In de rue de la Chaussée d'Antin namen zij afscheid, zij op de gewone wijze, hij zonder klank in zijn stem, zonder haar aanwezigheid te voelen. Andrée was voor hem al ver, ver weg.
Hij liep naar huis, versuft, misschien gebogen. Hij had om half drie zijn laatste dansles.... als hij die genomen had, kon hij dansen. Het was duur geweest, veel geld, 300 francs, veel te veel voor hem. Hij wou er niet naar toe gaan, maar hij liep wel door de straat, waar de lessen gegeven werden, om te kijken, als hij voor de deur zou staan of hij niet wakker zou worden en bemerken, dat alles een droom was geweest. Hij liep langzamer, hij stond voor de deur, hij ging niet naar binnen. Terwijl hij voortliep verspreidde zich een koortsachtig gevoel door zijn lichaam, pakte hem beet. Hij rilde van de kou, hoewel hij warm gekleed was.
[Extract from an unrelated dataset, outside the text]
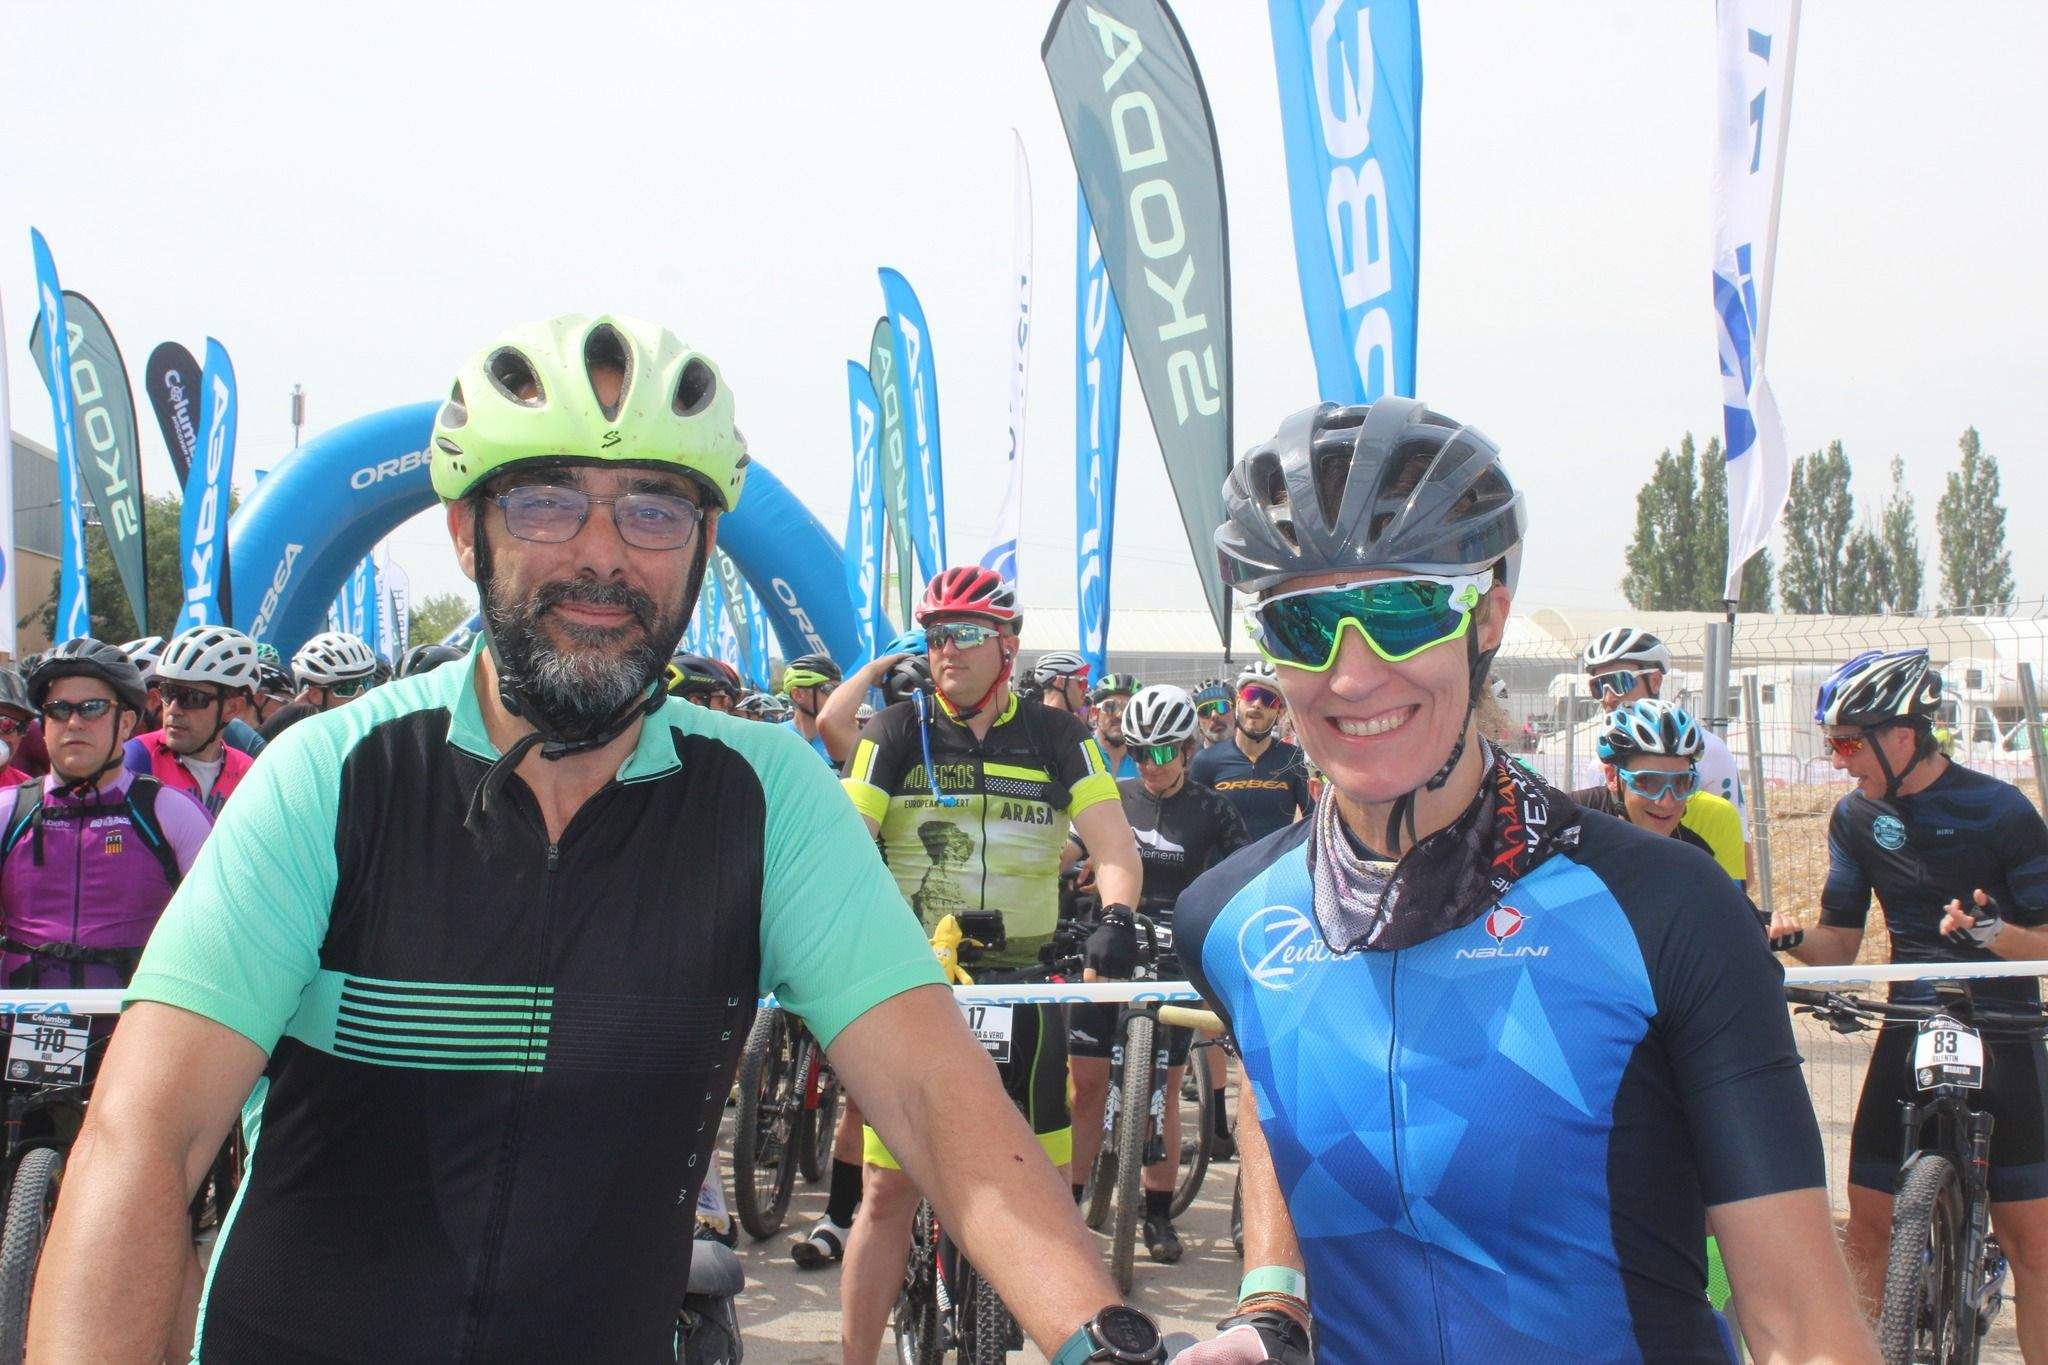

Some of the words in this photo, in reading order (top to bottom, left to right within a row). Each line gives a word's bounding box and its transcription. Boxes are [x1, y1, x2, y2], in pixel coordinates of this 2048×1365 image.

Op zijn kamer gekomen, keek hij naar het portret, dat op zijn werktafel stond en waaronder zij met groote vaste hand had geschreven ‘Pour vous, mon ami, avec toute ma sympathie, Andrée’. Hij keek ernaar, roerloos, las het geschrevene in zichzelf en zei alleen hardop ‘Andrée’.
Hij kleedde zich gedeeltelijk uit, ging in zijn bed liggen en staarde naar de zoldering zonder te denken. Alleen één wensch trok door hem heen, tegelijk met de warmte, die onder de dekens tot hem begon door te dringen:
Nu zoo maar te kunnen blijven liggen en nooit, nooit meer behoeven op te staan.